DataStax and Esri: Geotemporal IoT Search and Analytics

The How and Why of Fast Data Analytics with Apache Spark

Scalable Data Modeling by Example (Carlos Alonso, Job and Talent) | Cassandra...

Time Series Analytics with Spark: Spark Summit East talk by Simon Ouellette

Similar to Spark with Cassandra by Christopher Batey

Fast track to getting started with DSE Max @ INGDuyhai Doan

PresentationDimitris Stripelis

Apache cassandra and spark. you got the the lighter, let's start the firePatrick McFadin

Cassandra and Spark, closing the gap between no sql and analytics codemotio...Duyhai Doan

TechEvent Apache CassandraTrivadis

Data Science Lab Meetup: Cassandra and SparkChristopher Batey

1 Dundee - Cassandra 101Christopher Batey

Cassandra, web scale no sql data platformMarko Švaljek

Beyond the Query: A Cassandra + Solr + Spark Love Triangle Using Datastax Ent...DataStax Academy

Scylla Summit 2016: Analytics Show Time - Spark and Presto Powered by ScyllaScyllaDB

A Cassandra + Solr + Spark Love Triangle Using DataStax EnterprisePatrick McFadin

Spark & Cassandra - DevFest CórdobaJose Mº Muñoz

Scylla Summit 2022: ScyllaDB Rust Driver: One Driver to Rule Them AllScyllaDB

Cassandra Deep Diver & Data ModelingBrian Enochson

Nike Tech Talk: Double Down on Apache Cassandra and SparkPatrick McFadin

Cassandra and Sparknickmbailey

Lambda at Weather Scale - Cassandra Summit 2015Robbie Strickland

Cassandra + Spark (You’ve got the lighter, let’s start a fire)Robert Stupp

Unlocking Your Hadoop Data with Apache Spark and CDH5SAP Concur

Apache Spark - Dataframes & Spark SQL - Part 1 | Big Data Hadoop Spark Tutori...CloudxLab

Similar to Spark with Cassandra by Christopher Batey (20)

Fast track to getting started with DSE Max @ ING

Presentation

Apache cassandra and spark. you got the the lighter, let's start the fire

Cassandra and Spark, closing the gap between no sql and analytics codemotio...

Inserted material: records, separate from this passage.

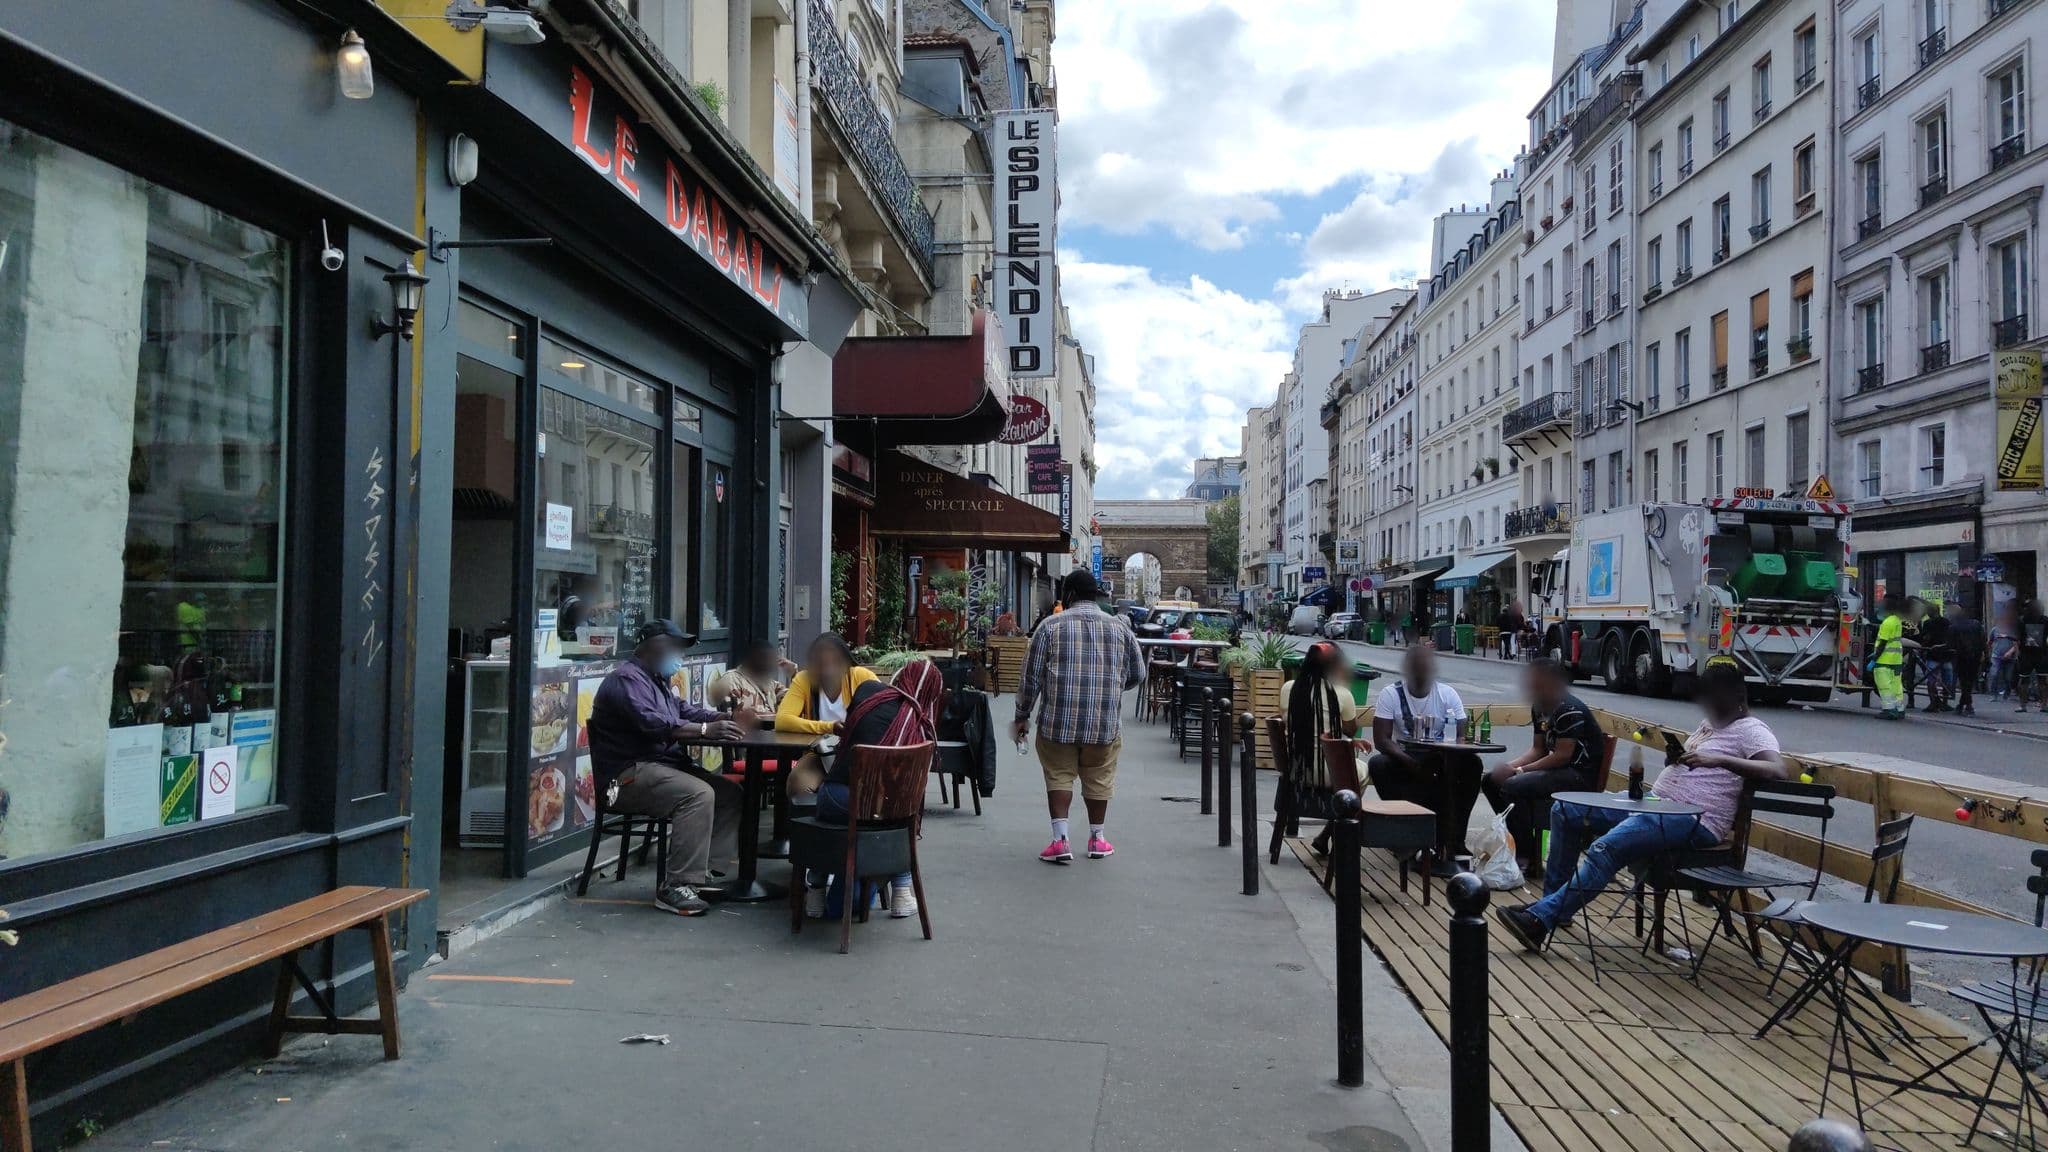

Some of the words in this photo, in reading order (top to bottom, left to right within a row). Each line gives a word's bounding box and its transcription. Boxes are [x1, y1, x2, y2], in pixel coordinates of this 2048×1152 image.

[570, 64, 641, 204] LE
[1008, 119, 1040, 141] LE
[1008, 146, 1040, 372] SPLENDID
[1999, 446, 2021, 478] CHIC
[2014, 399, 2041, 440] CHEAP
[925, 499, 1005, 512] SPECTACLE
[1744, 498, 1755, 508] 80
[1805, 501, 1816, 511] 90
[1961, 529, 1972, 541] 41
[167, 761, 175, 781] R

TechEvent Apache Cassandra

Data Science Lab Meetup: Cassandra and Spark

1 Dundee - Cassandra 101

Cassandra, web scale no sql data platform

Beyond the Query: A Cassandra + Solr + Spark Love Triangle Using Datastax Ent...

Scylla Summit 2016: Analytics Show Time - Spark and Presto Powered by Scylla

A Cassandra + Solr + Spark Love Triangle Using DataStax Enterprise

Spark & Cassandra - DevFest Córdoba

Scylla Summit 2022: ScyllaDB Rust Driver: One Driver to Rule Them All

Cassandra Deep Diver & Data Modeling

Nike Tech Talk: Double Down on Apache Cassandra and Spark

Cassandra and Spark

Lambda at Weather Scale - Cassandra Summit 2015

Cassandra + Spark (You’ve got the lighter, let’s start a fire)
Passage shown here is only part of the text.